* [EXERCISE DETAILS]
Where an image occurs, skip it and print the rest of the records verbatim.

Records drawn from a dataset
-- Opening Marker --

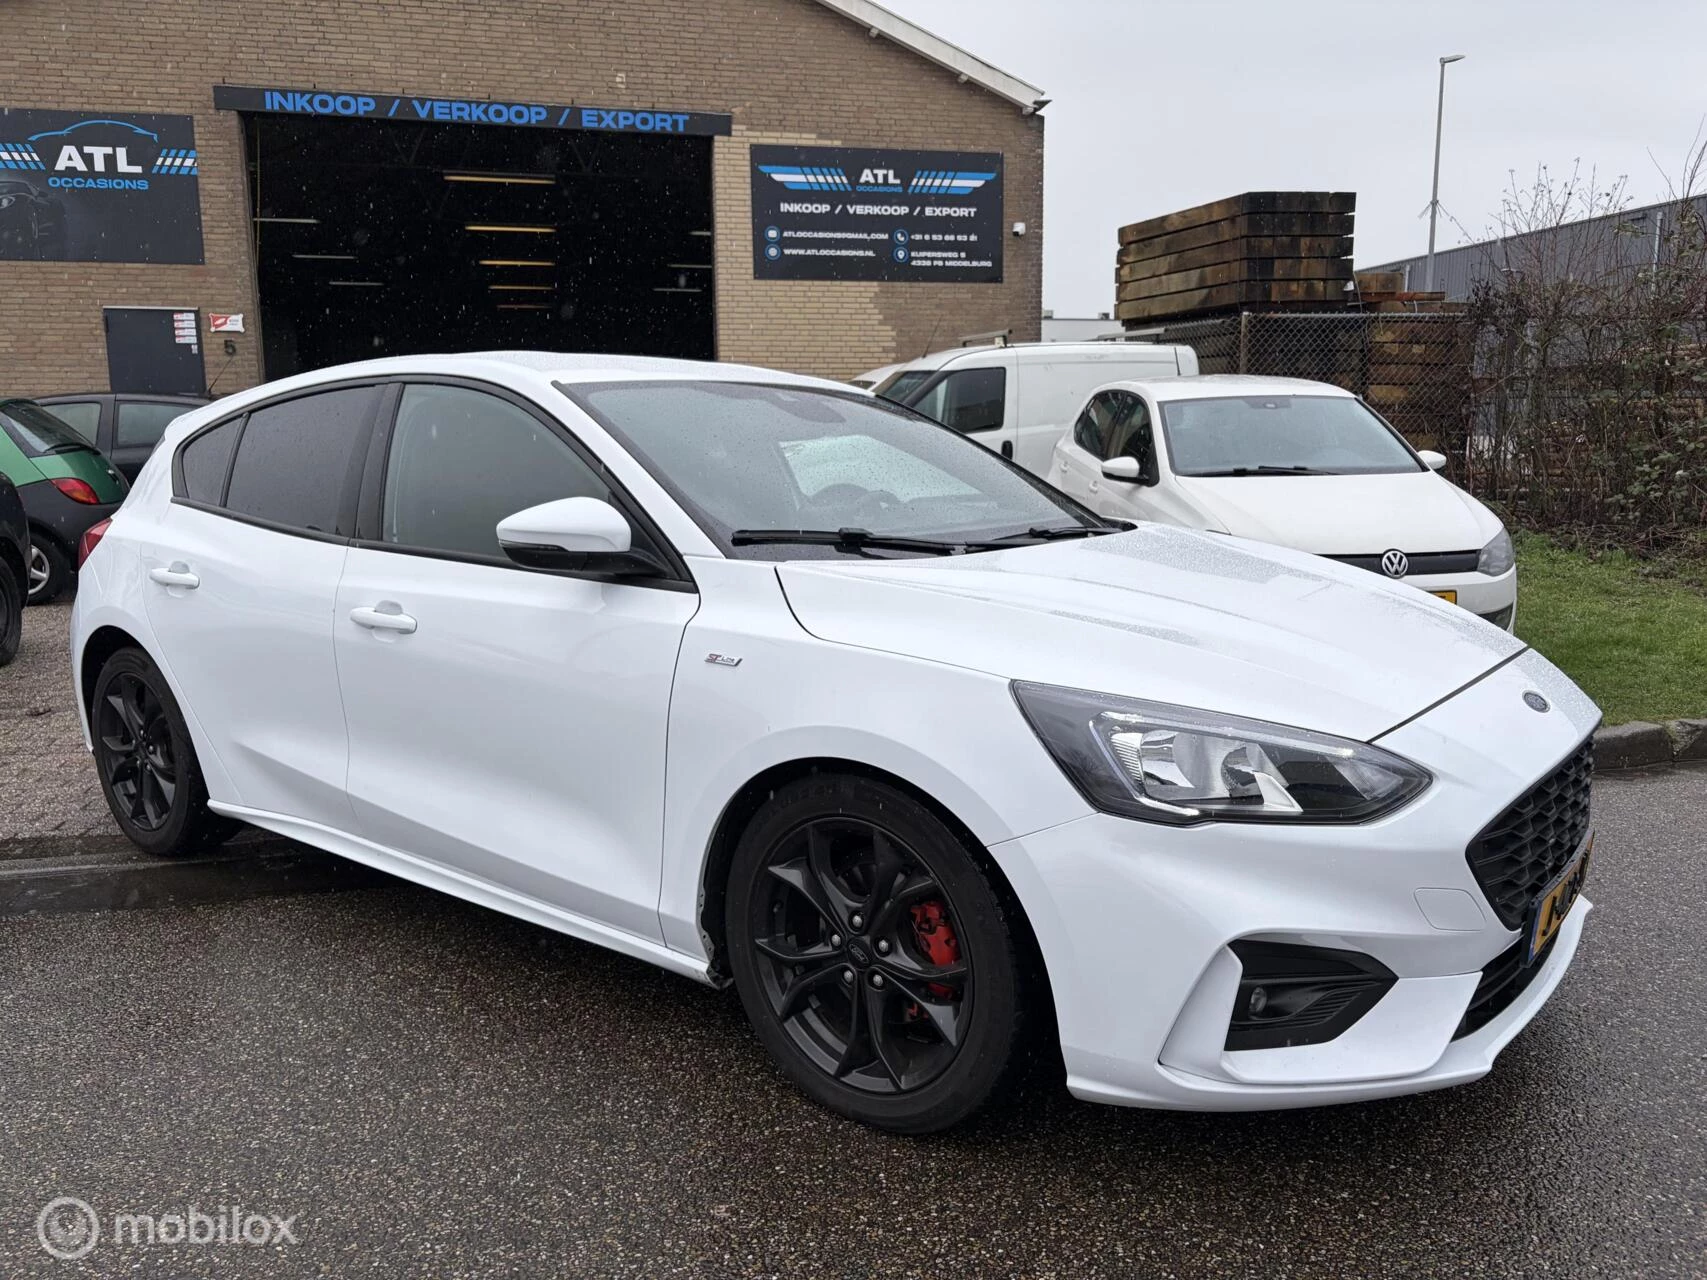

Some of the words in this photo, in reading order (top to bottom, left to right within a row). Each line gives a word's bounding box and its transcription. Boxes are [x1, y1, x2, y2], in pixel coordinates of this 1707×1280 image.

[264, 91, 376, 116] INKOOP
[388, 99, 400, 117] /
[412, 100, 547, 124] VERKOOP
[558, 108, 571, 125] /
[581, 111, 690, 132] EXPORT
[54, 145, 143, 174] ATL
[859, 168, 901, 184] ATL
[855, 185, 904, 193] OCCASIONS
[780, 202, 831, 214] INKOOP
[847, 205, 910, 216] VERKOOP
[924, 208, 977, 218] EXPORT
[224, 339, 237, 355] 5

-- Closing Marker --

* [ANSWER BOX]
Some of the words in this photo, in reading order (top to bottom, left to right within a row). Each line gives a word's bounding box and its transcription. Boxes are [x1, y1, x2, y2], in pixel coordinates of this 1707×1280 image.

[264, 91, 376, 116] INKOOP
[388, 99, 400, 117] /
[412, 100, 547, 124] VERKOOP
[558, 108, 571, 125] /
[581, 111, 690, 132] EXPORT
[54, 145, 143, 174] ATL
[859, 168, 901, 184] ATL
[855, 185, 904, 193] OCCASIONS
[780, 202, 831, 214] INKOOP
[847, 205, 910, 216] VERKOOP
[924, 208, 977, 218] EXPORT
[224, 339, 237, 355] 5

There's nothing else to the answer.